▶ [What to work on]: Leave out the pictures and retype all the entries below exactly.

▶ [Data to use]:
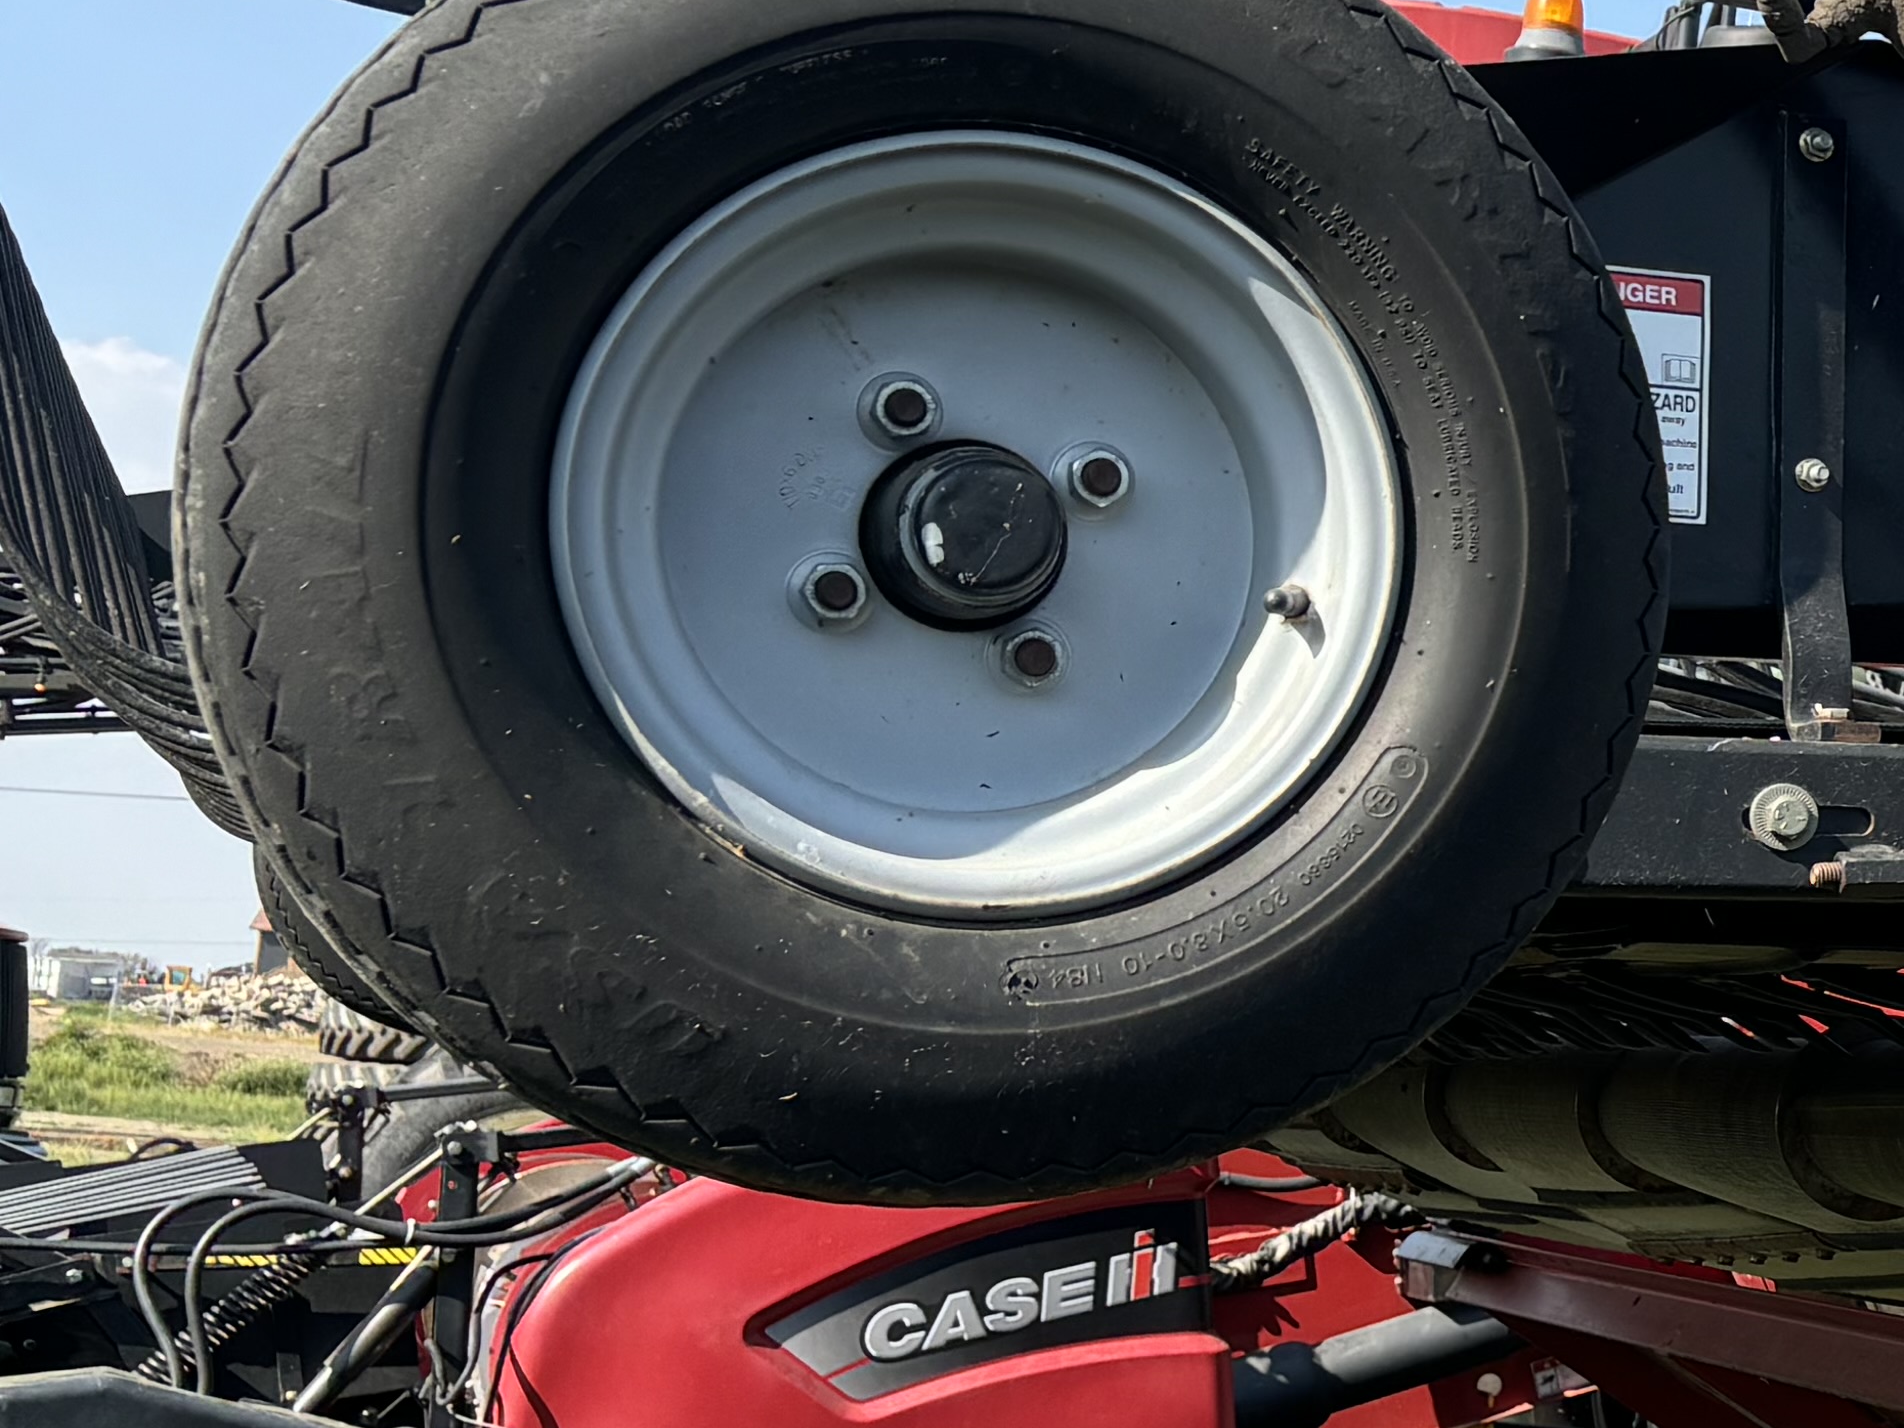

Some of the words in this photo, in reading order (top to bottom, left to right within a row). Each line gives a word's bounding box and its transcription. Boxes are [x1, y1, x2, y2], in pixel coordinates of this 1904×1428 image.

[1246, 138, 1321, 192] SAFETY
[1617, 282, 1676, 305] GER
[1652, 393, 1696, 412] ZARD
[1661, 438, 1697, 448] achine
[863, 1261, 1097, 1360] CASE

▶ [Result of this task]:
Some of the words in this photo, in reading order (top to bottom, left to right within a row). Each line gives a word's bounding box and its transcription. Boxes are [x1, y1, x2, y2], in pixel coordinates of this 1904×1428 image.

[1246, 138, 1321, 192] SAFETY
[1617, 282, 1676, 305] GER
[1652, 393, 1696, 412] ZARD
[1661, 438, 1697, 448] achine
[863, 1261, 1097, 1360] CASE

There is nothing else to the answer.